== MATERIAL SHOWN ==
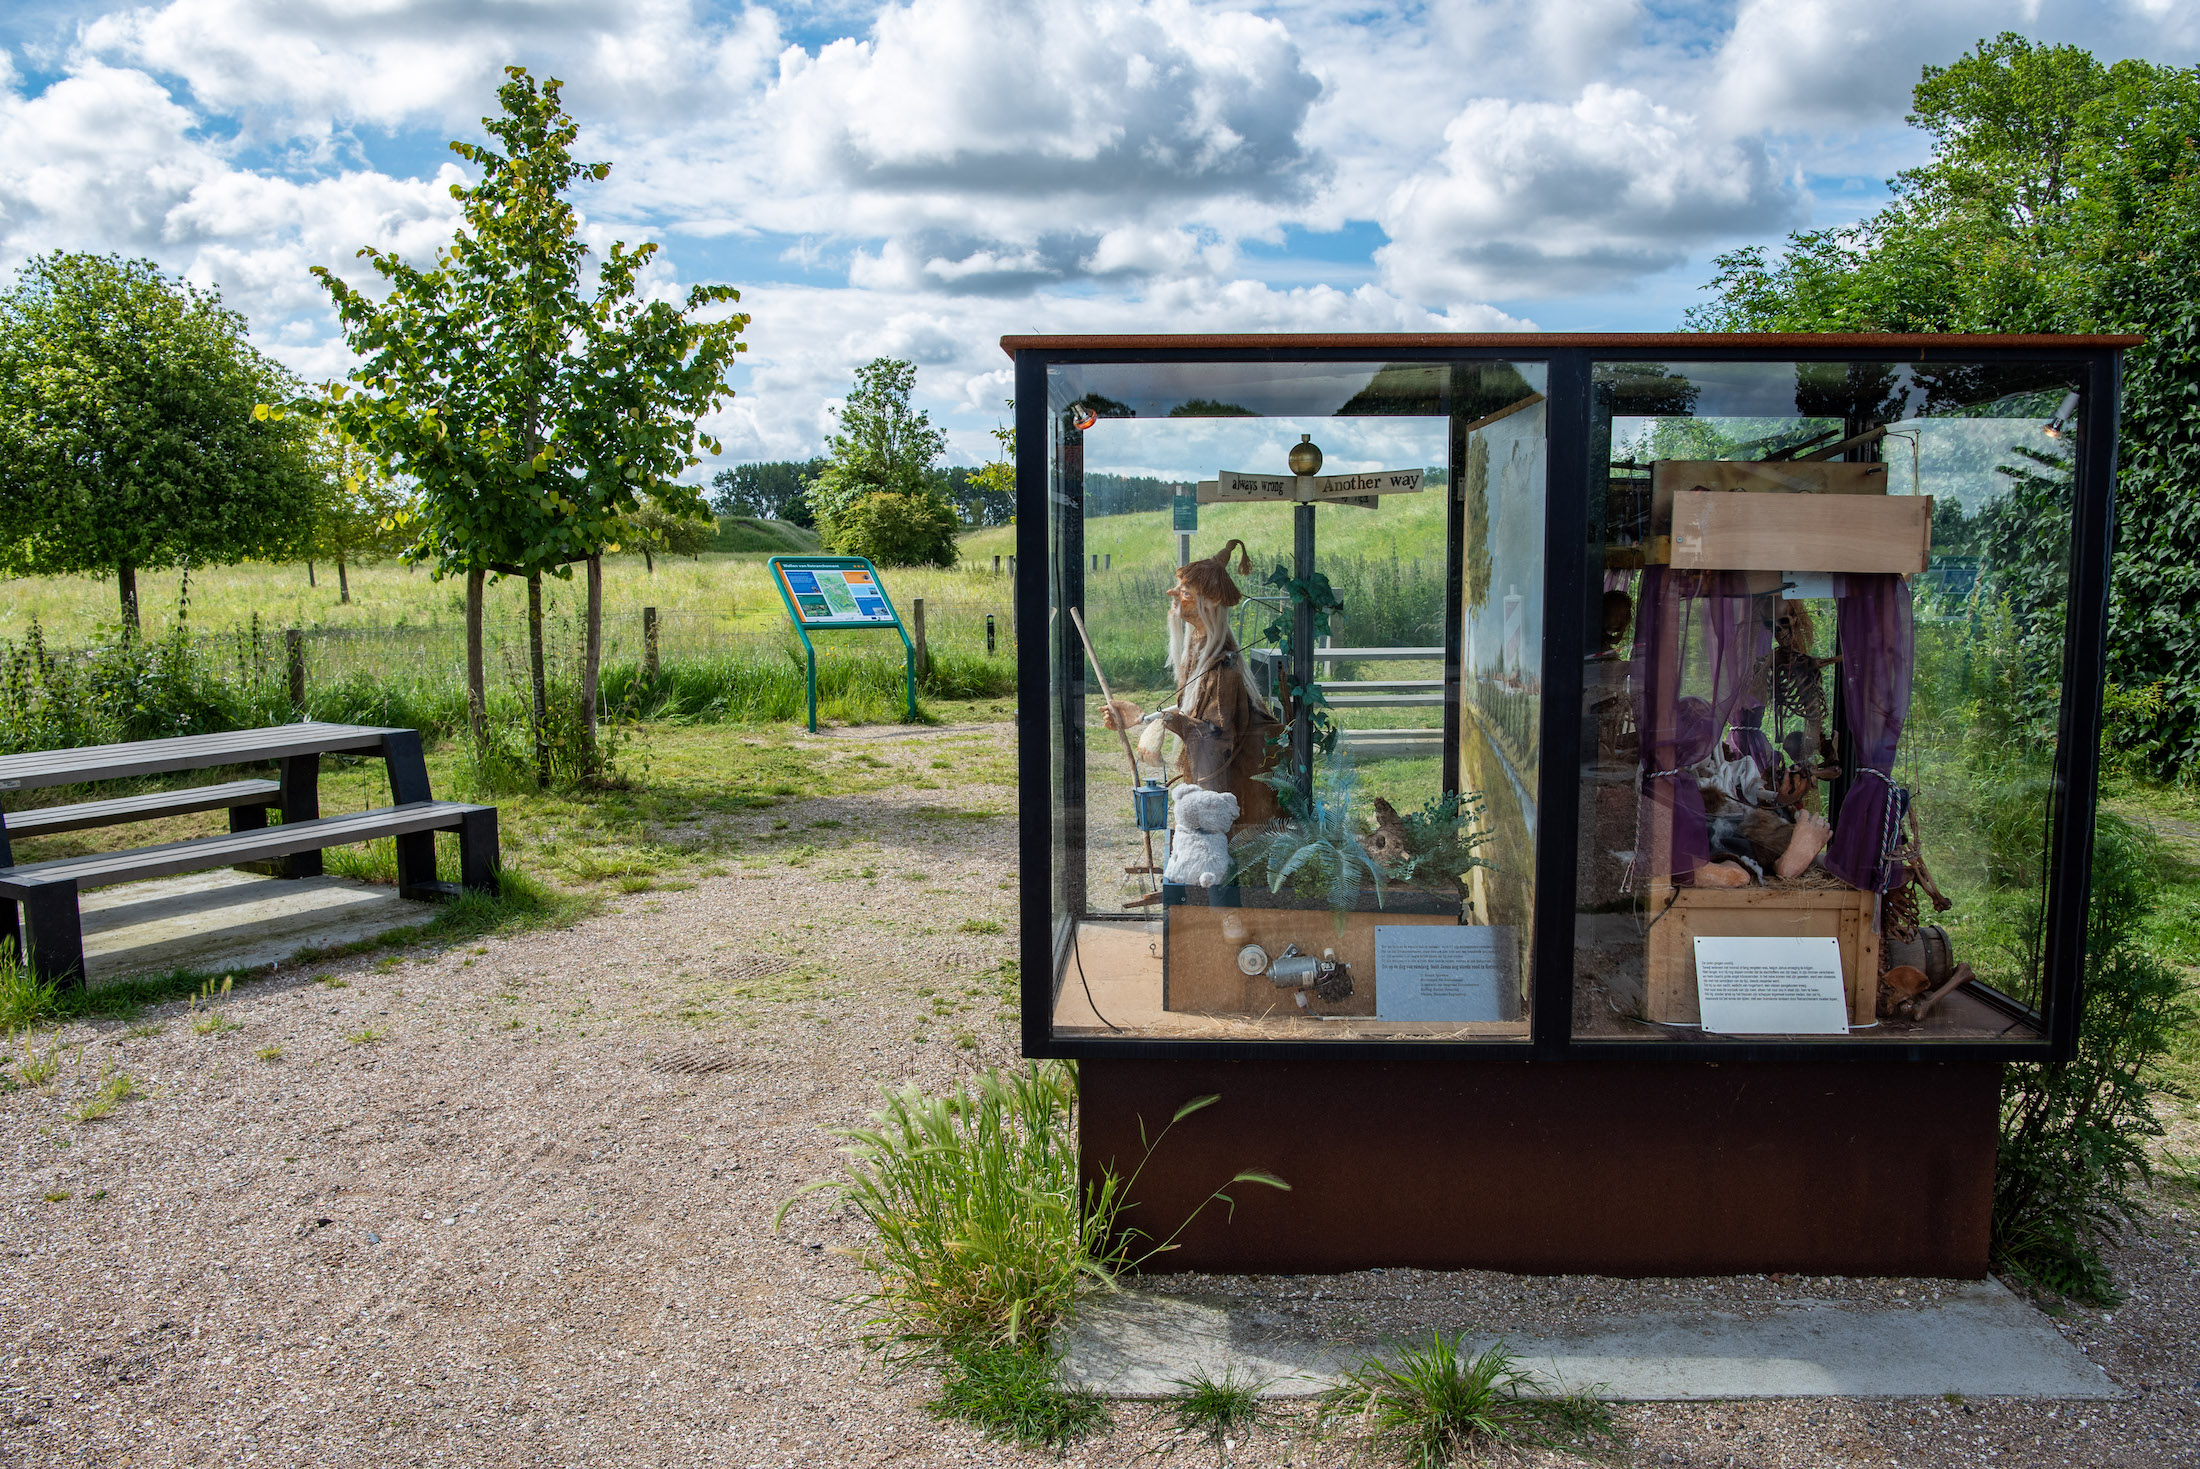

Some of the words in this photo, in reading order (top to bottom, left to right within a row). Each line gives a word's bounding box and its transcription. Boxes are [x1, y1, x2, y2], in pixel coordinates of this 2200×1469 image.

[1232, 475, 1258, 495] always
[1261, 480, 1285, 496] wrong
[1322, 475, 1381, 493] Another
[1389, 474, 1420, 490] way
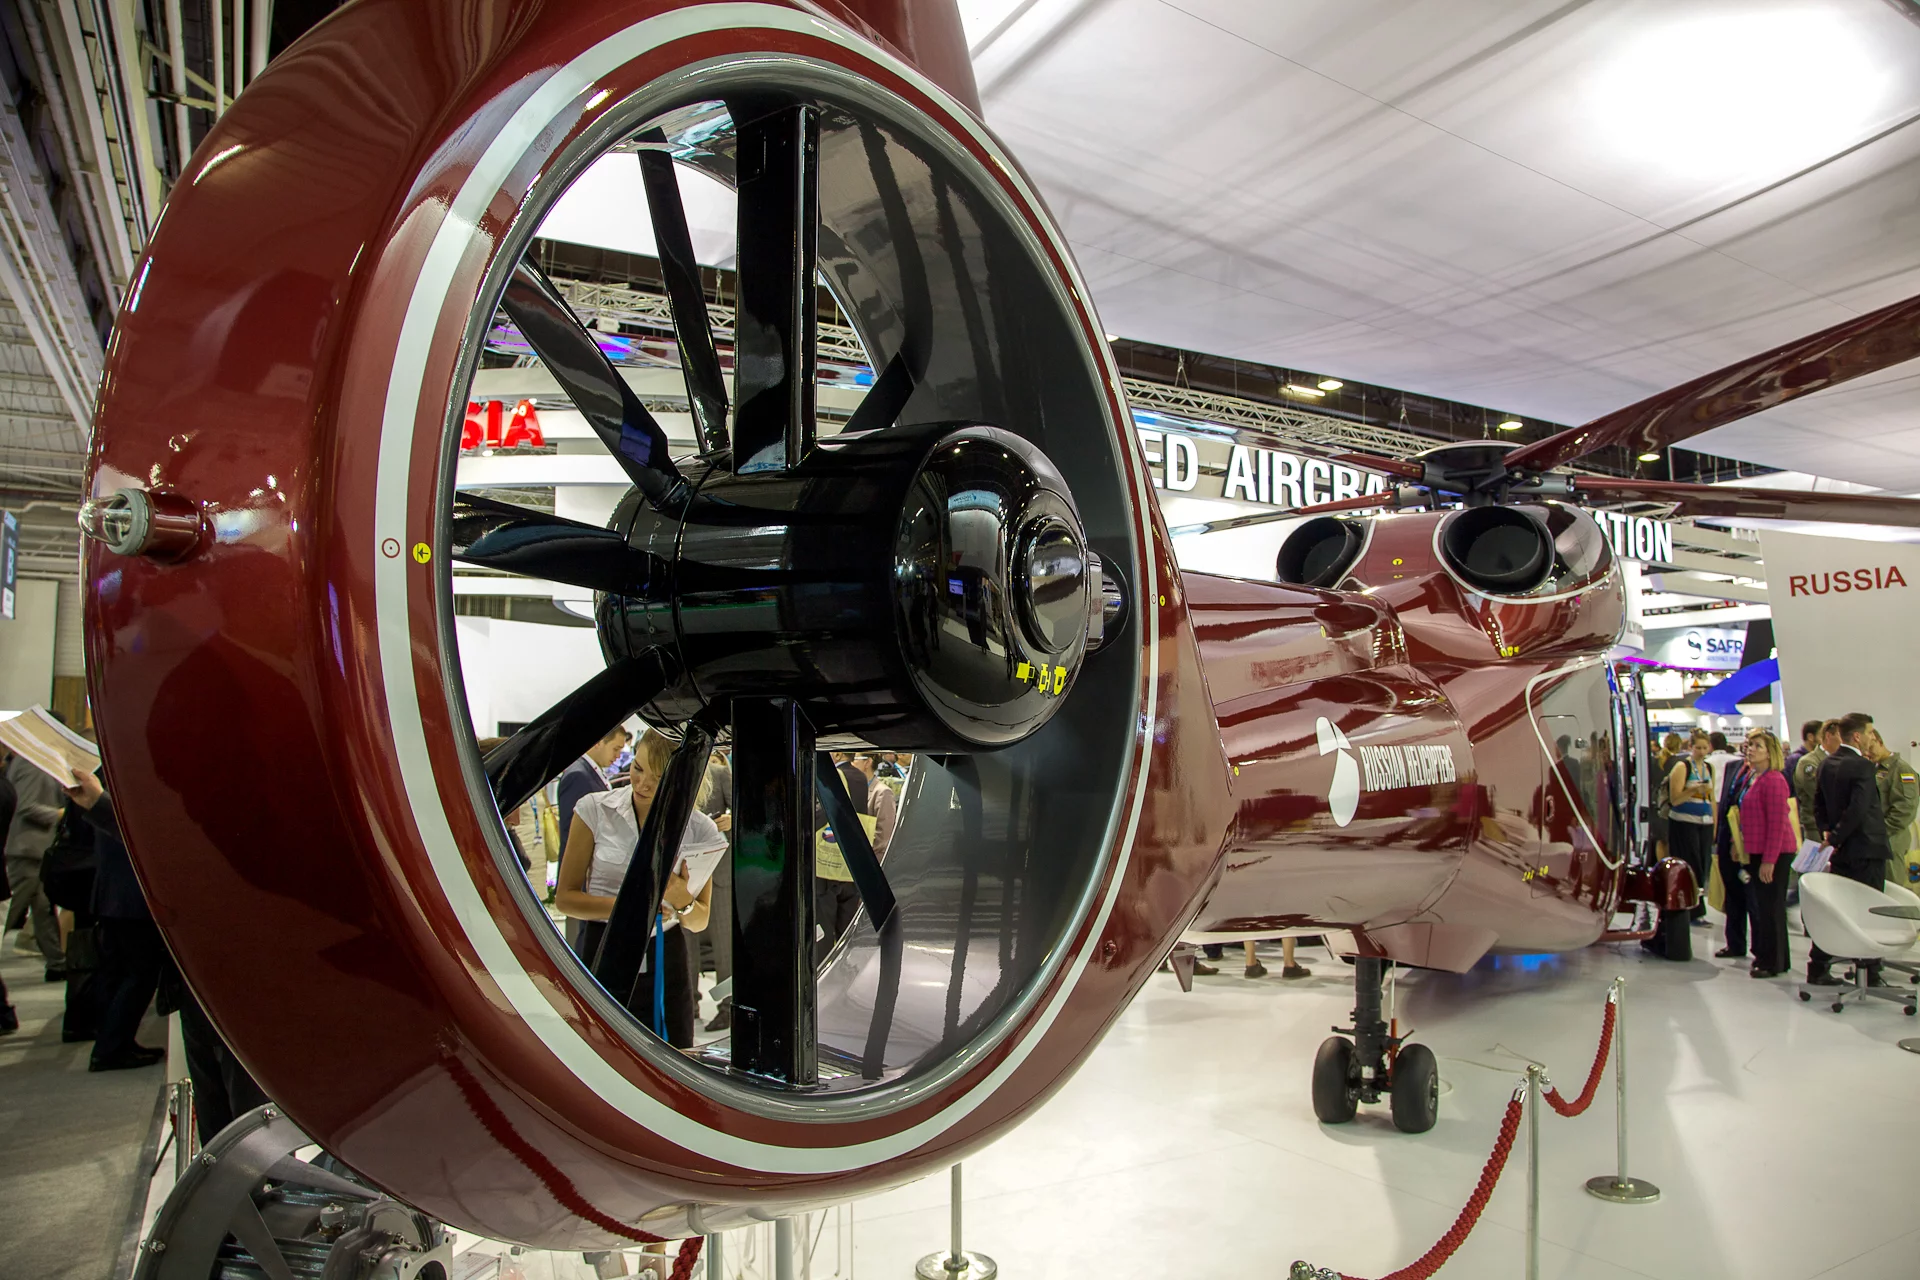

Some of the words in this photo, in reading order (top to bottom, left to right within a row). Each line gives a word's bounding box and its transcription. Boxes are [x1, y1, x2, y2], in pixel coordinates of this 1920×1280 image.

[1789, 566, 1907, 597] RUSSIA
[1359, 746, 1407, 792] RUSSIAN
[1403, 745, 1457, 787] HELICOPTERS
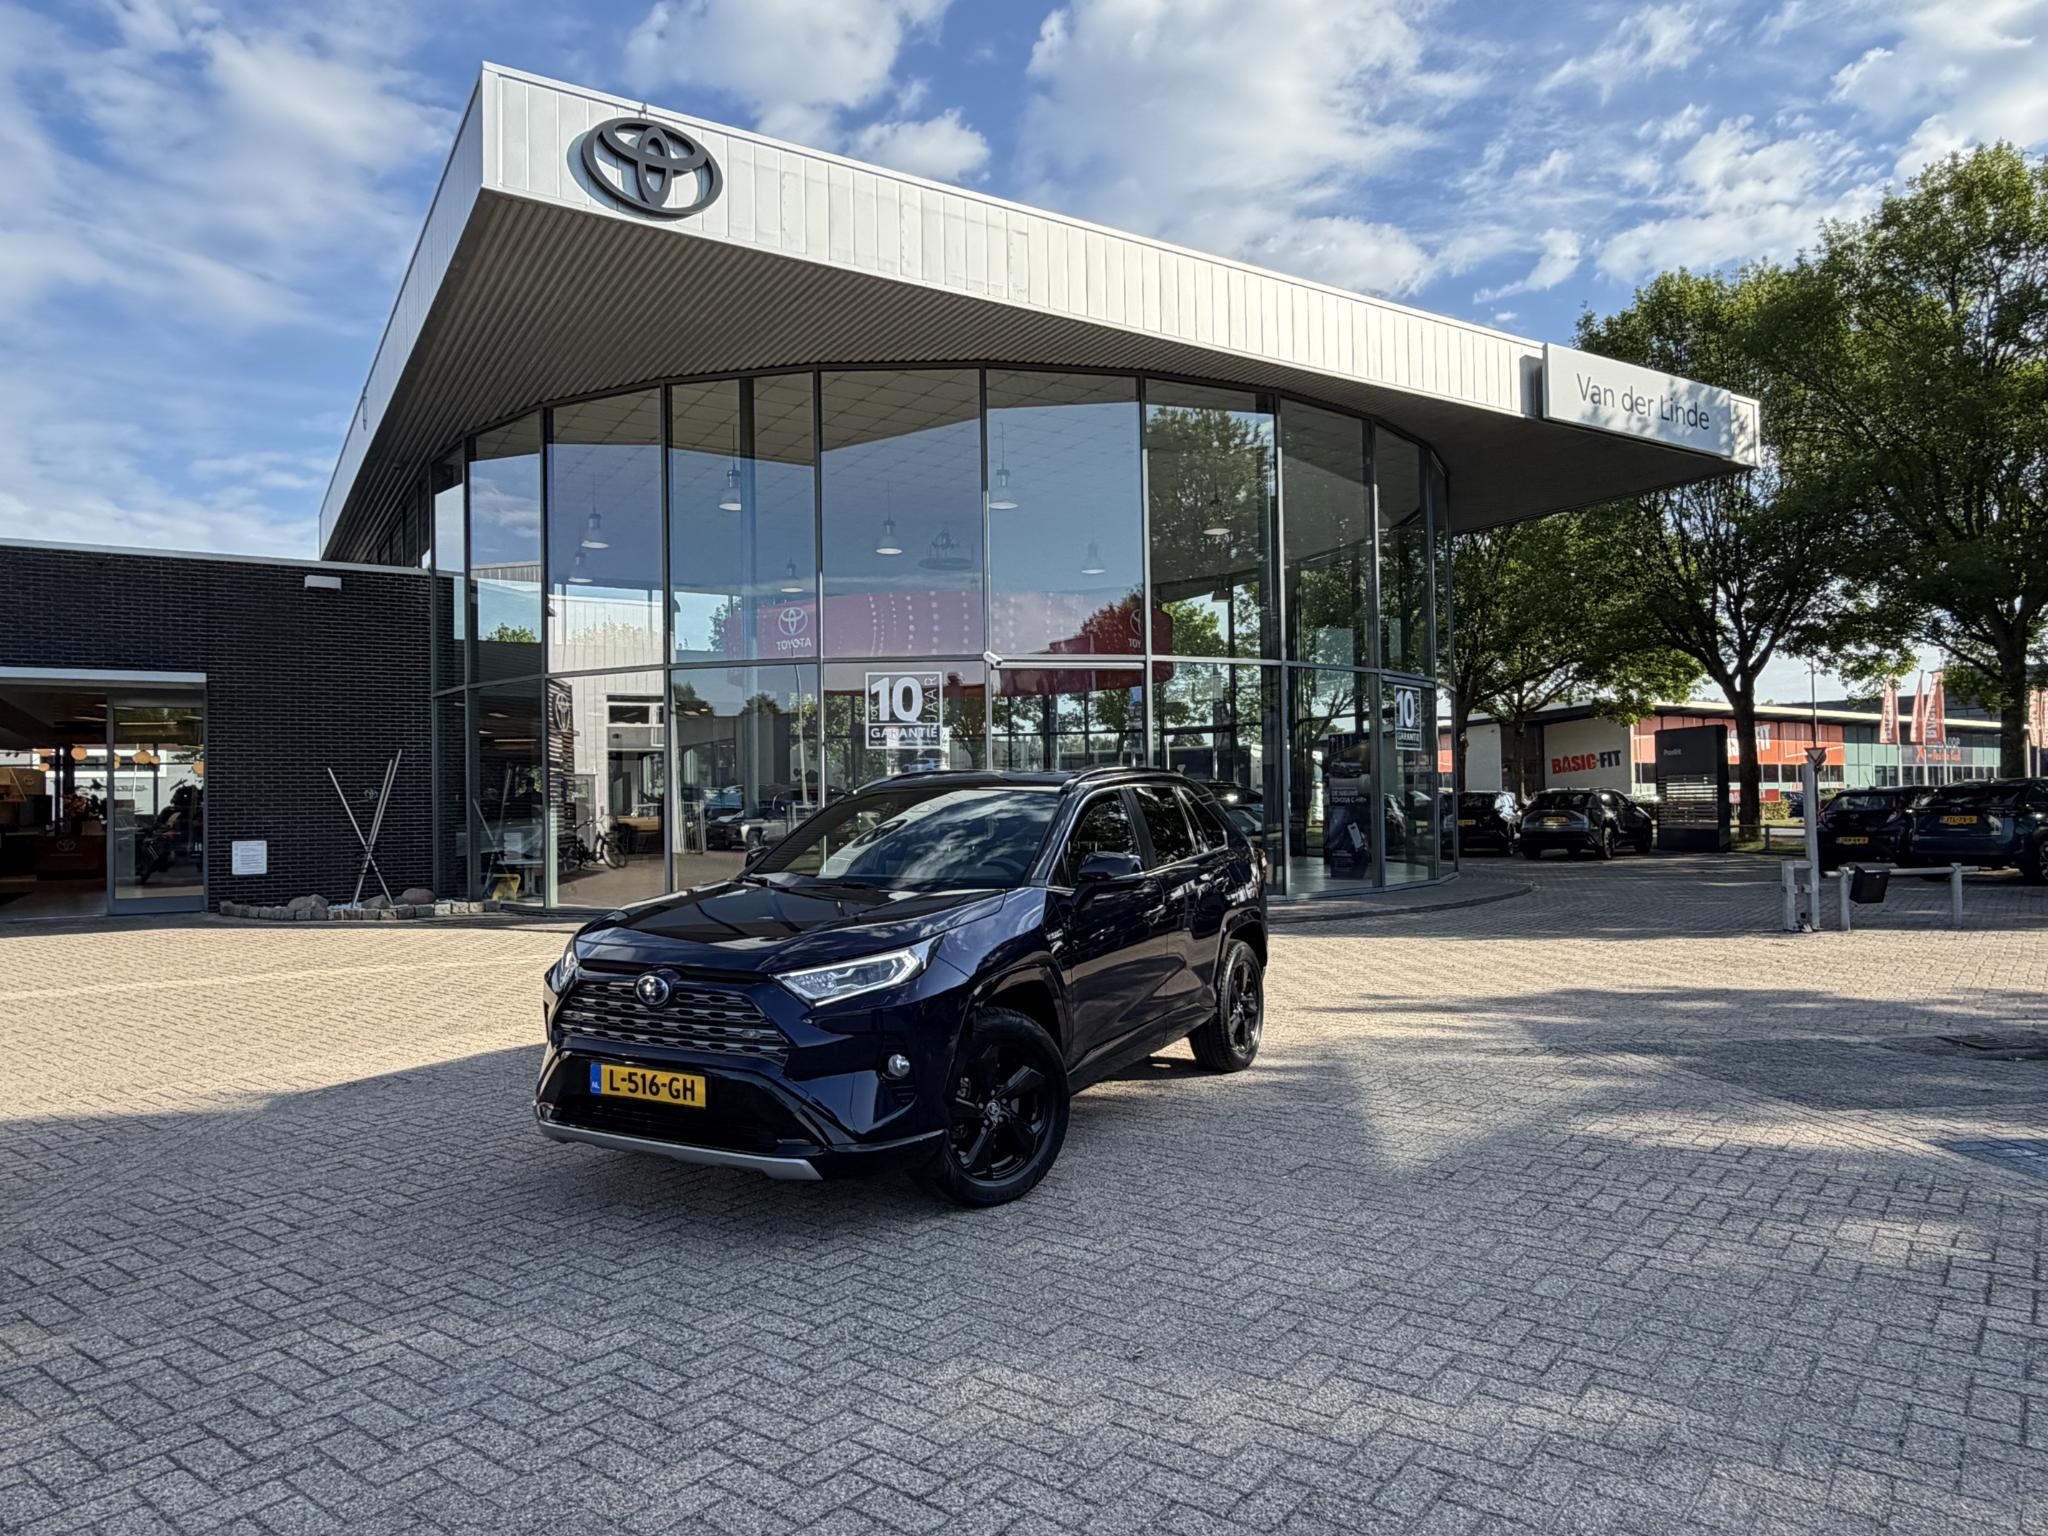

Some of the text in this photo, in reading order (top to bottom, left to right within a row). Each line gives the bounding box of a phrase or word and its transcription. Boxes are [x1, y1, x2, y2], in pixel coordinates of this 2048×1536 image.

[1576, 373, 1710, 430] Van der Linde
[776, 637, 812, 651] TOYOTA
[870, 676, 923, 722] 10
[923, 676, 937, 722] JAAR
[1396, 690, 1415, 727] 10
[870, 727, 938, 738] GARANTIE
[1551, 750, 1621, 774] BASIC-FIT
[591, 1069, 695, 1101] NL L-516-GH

== ASSIGNMENT ==
Word for word, restate each line above, minus its pictures.

== SOLUTION TO THIS PROBLEM ==
Some of the words in this photo, in reading order (top to bottom, left to right within a row). Each line gives a word's bounding box and its transcription. Boxes are [x1, y1, x2, y2], in pixel coordinates of this 2200×1469 image.

[1232, 475, 1258, 495] always
[1261, 480, 1285, 496] wrong
[1322, 475, 1381, 493] Another
[1389, 474, 1420, 490] way

Some of the words in this photo, in reading order (top to bottom, left to right within a row). Each line gives a word's bounding box and its transcription. Boxes are [x1, y1, x2, y2], in pixel coordinates of this 1920×1280 image.

[1789, 566, 1907, 597] RUSSIA
[1359, 746, 1407, 792] RUSSIAN
[1403, 745, 1457, 787] HELICOPTERS

Some of the text in this photo, in reading order (top to bottom, left to right within a row). Each line gives the bounding box of a phrase or word and its transcription. Boxes are [x1, y1, x2, y2], in pixel coordinates of this 2048×1536 image.

[1576, 373, 1710, 430] Van der Linde
[776, 637, 812, 651] TOYOTA
[870, 676, 923, 722] 10
[923, 676, 937, 722] JAAR
[1396, 690, 1415, 727] 10
[870, 727, 938, 738] GARANTIE
[1551, 750, 1621, 774] BASIC-FIT
[591, 1069, 695, 1101] NL L-516-GH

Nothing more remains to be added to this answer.